Looking at the baffling array of instruments, Jon asked, “Which one is the radio?”

Brandon looked for a few moments before spotting a familiar faceplate and pointing. Jon noticed a power switch and pressed it. He then tried turning a few knobs before blindly stabbing at buttons. A few moments later he said, “The readouts are blank. I don’t think it’s on.”

Brandon looked at the controls. The radio did appear dead, but so did most everything else on the center console except for the altimeter, airspeed indicator, and a few lights near the center. Jon followed Brandon’s look and asked, “What is it? It’s got power, it must have, otherwise the numbers on the display wouldn’t be lit up.”
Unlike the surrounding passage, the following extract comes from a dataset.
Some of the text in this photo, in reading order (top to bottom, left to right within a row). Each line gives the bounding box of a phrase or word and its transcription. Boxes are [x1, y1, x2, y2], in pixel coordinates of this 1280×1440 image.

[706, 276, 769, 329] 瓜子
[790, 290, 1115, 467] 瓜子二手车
Pointing at a keypad on the faceplate, Brandon said, “That’s the transponder. It sends out a code so air traffic control knows who we are. On the way to Phoenix, the pilot told me that you can change the code to indicate an emergency. If we can do that, maybe we can let the ground know we’re in trouble.

Jon studied the transponder for a few seconds before replying, “Yeah, I think you just type it in and hit ‘Ident’. What code do we need?”
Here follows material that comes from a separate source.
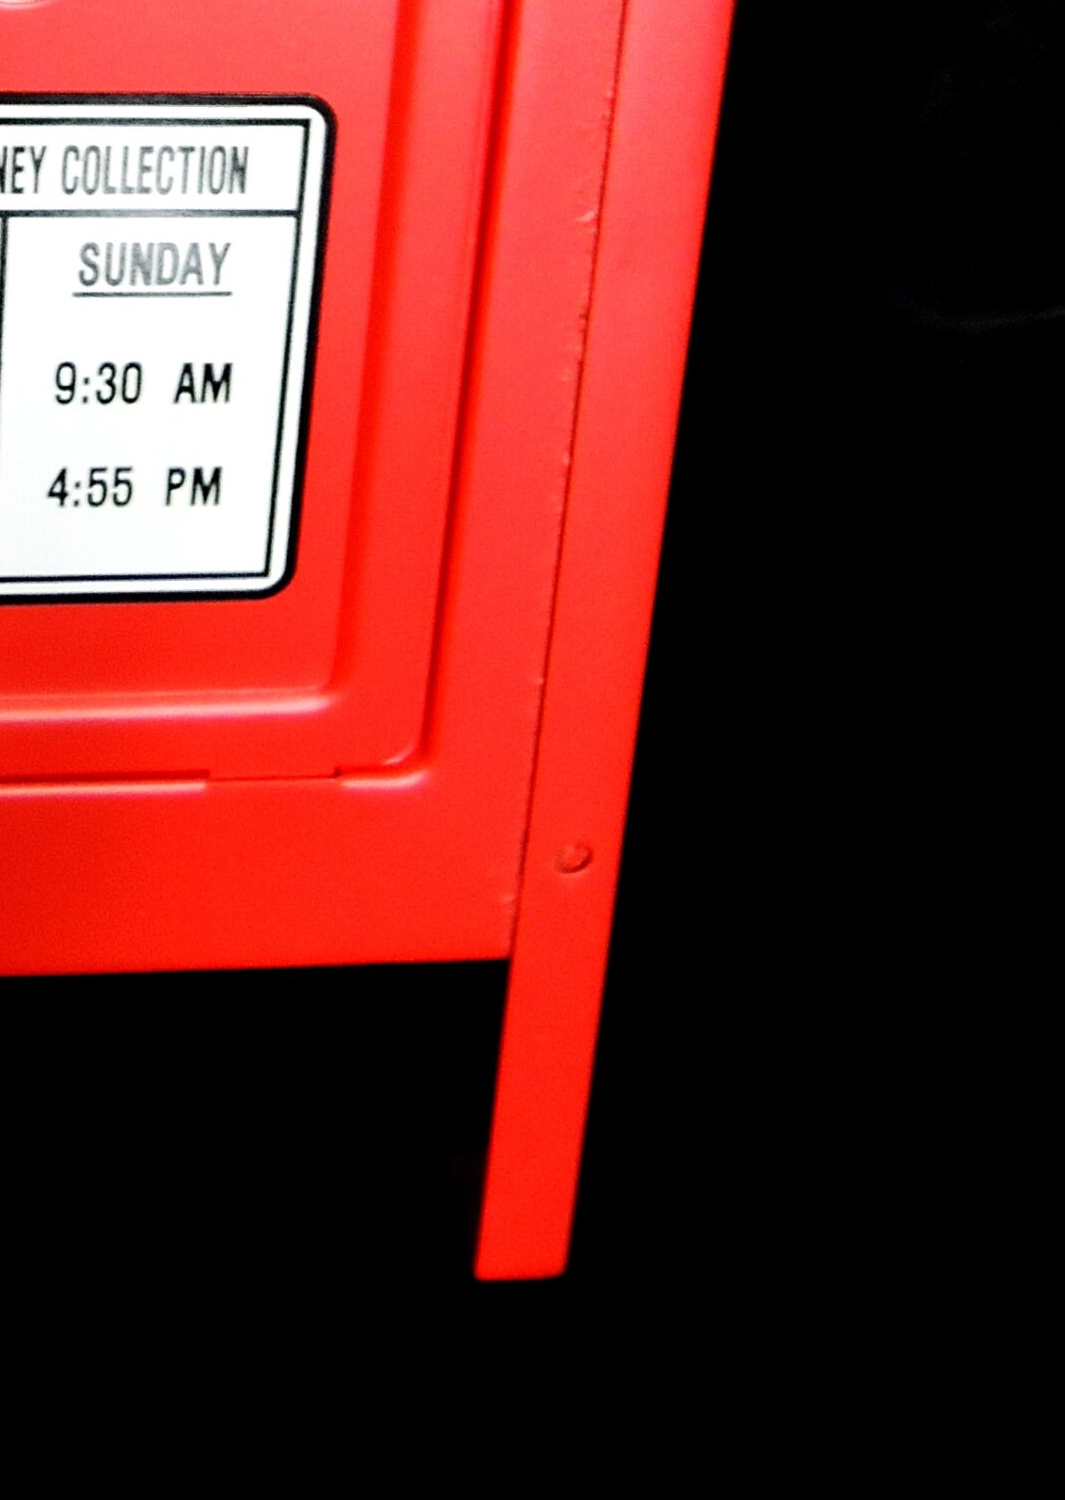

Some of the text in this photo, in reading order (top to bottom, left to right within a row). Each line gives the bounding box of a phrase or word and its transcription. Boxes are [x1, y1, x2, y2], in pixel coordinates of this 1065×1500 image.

[61, 145, 250, 195] COLLECTION
[78, 242, 232, 287] SUNDAY
[55, 362, 233, 405] 9:30 AM
[47, 466, 223, 508] 4:55 PM
Brandon tried to remember. He knew it was seven thousand and something, ending with two zeros, but he knew there was one code for emergency and a different one for radio failure. He figured he had both problems, but he wasn’t sure he remembered the code. Taking his best guess based on a partial memory, he said, “Enter seven, five, zero, zero.” He had it almost right; the code for an emergency is 7700 and lost communications is 7600. The third emergency code, the one Brandon had just given, denoted ‘unlawful interference’: a hijacking.

Tapping the ‘Ident’ button, Jon set the transponder.


 

A few seconds later, an air traffic controller, who had with grave concern noticed the aircraft’s wild heading changes, watched in horror as the aircraft ID on his screen changed and the computer displayed it in bright bold letters, signifying a hijack code. It took him less then a second to figure out what to do; he bellowed for his supervisor.
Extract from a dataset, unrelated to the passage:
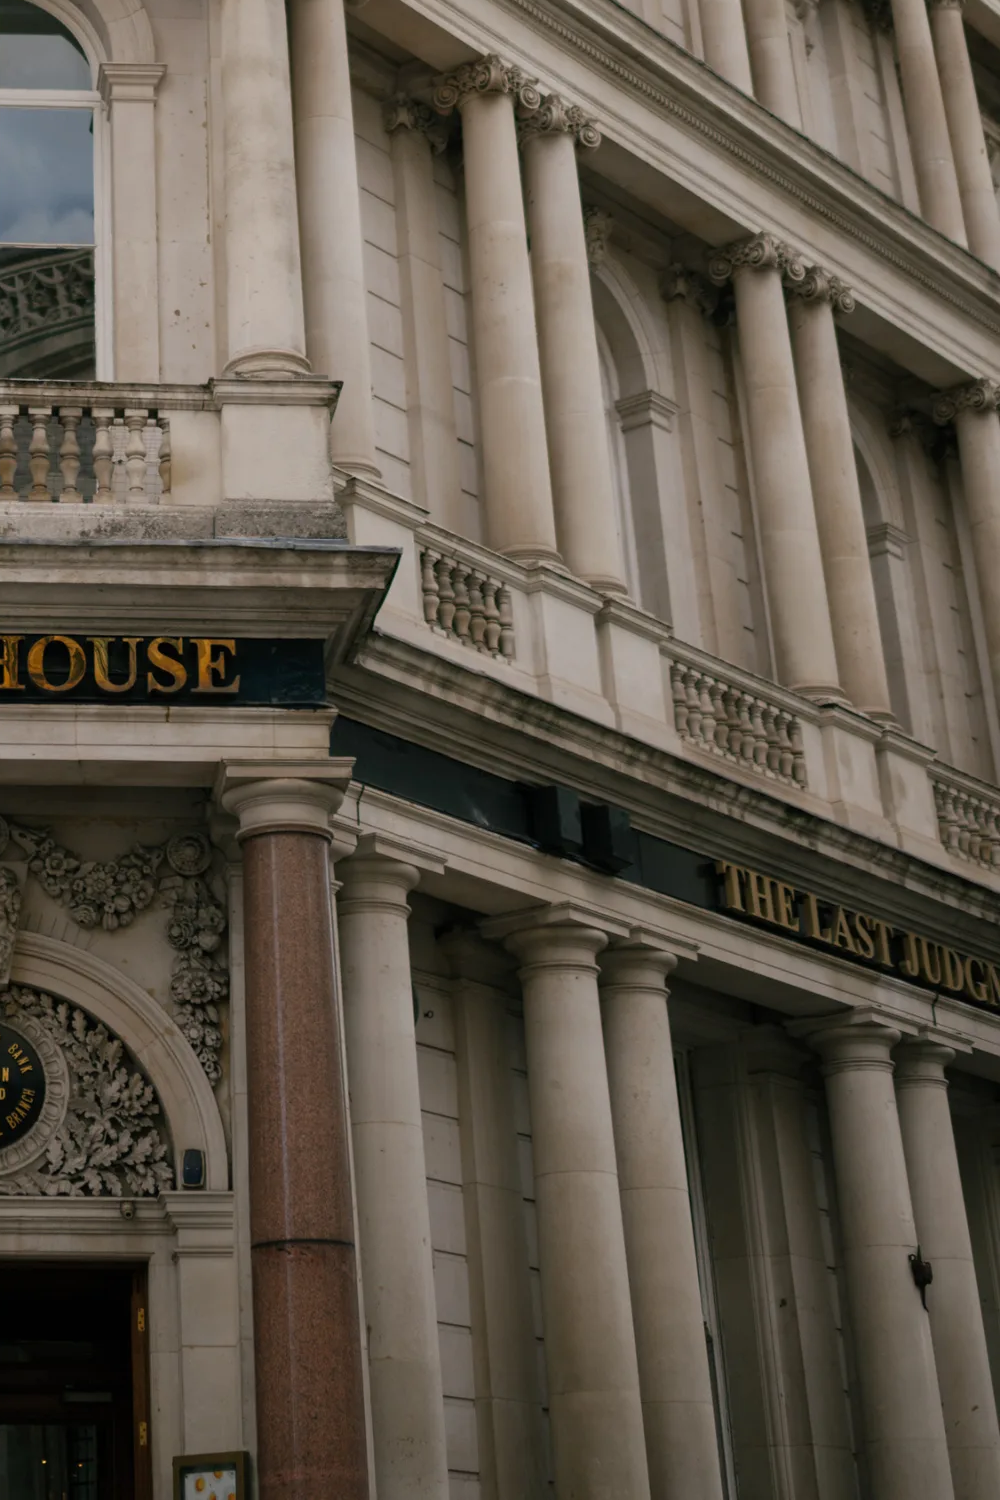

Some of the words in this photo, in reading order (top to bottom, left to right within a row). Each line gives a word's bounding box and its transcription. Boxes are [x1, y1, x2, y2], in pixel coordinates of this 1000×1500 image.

The supervisor jogged over, reading the screen in a moment. The rules were clear on what to do in the event of a suspected hijacking. Snatching up a red phone, a dedicated line to the North American Air Defense Command’s Western Sector Headquarters at Washington State’s McChord Air Force Base, he waited for the other end of the line to pick up before saying crisply, “This is SoCal Departure Control. We’re reading a transponder squawking seventy-five-hundred. The aircraft is a business jet, outbound on a flight plan from Los Angles to Telluride and currently over the Mojave. The aircraft began maneuvering erratically and descending about seven minutes ago. We were trying to raise him when the transponder change occurred. The aircraft is now proceeding at four thousand feet at three hundred knots. We’re having trouble holding a track on him at that low an altitude due to the terrain.”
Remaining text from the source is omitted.